** What you have to do **
Return the entries below word for word. No picture belongs in the copy.

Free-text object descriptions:
◆ ◆ ◆ ◆

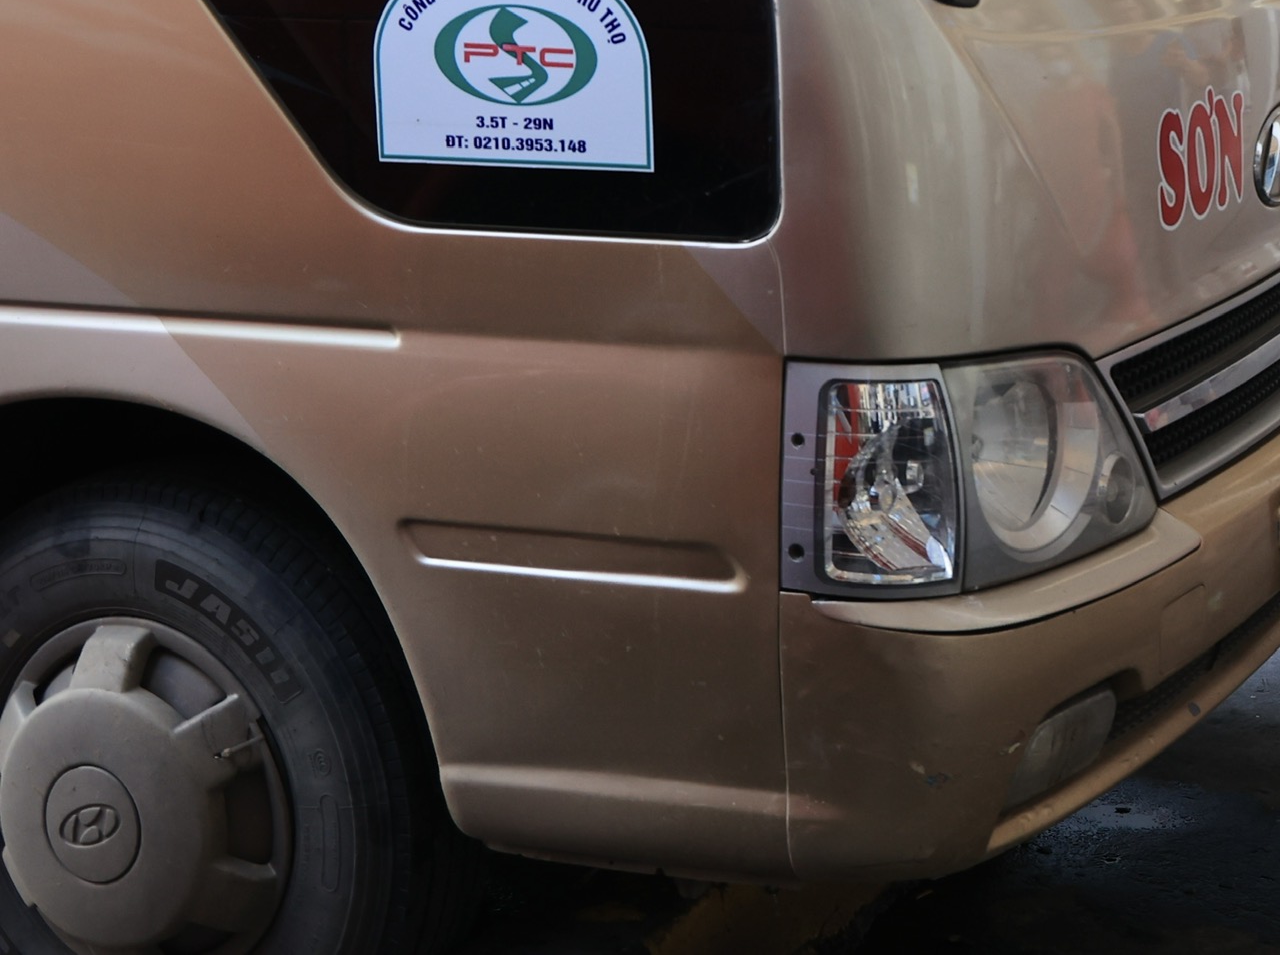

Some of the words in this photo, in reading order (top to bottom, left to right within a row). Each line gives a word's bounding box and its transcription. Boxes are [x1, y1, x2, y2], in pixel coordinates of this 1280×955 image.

[599, 7, 628, 46] THỌ
[463, 41, 575, 69] PTC
[475, 115, 508, 130] 3.5T
[523, 116, 555, 131] 29N
[445, 135, 469, 150] ĐT:
[473, 136, 588, 154] 0210.3953.148
[1158, 85, 1245, 231] SƠN

◆ ◆ ◆ ◆

** Result of this task **
Some of the words in this photo, in reading order (top to bottom, left to right within a row). Each line gives a word's bounding box and its transcription. Boxes are [x1, y1, x2, y2], in pixel coordinates of this 1280×955 image.

[599, 7, 628, 46] THỌ
[463, 41, 575, 69] PTC
[475, 115, 508, 130] 3.5T
[523, 116, 555, 131] 29N
[445, 135, 469, 150] ĐT:
[473, 136, 588, 154] 0210.3953.148
[1158, 85, 1245, 231] SƠN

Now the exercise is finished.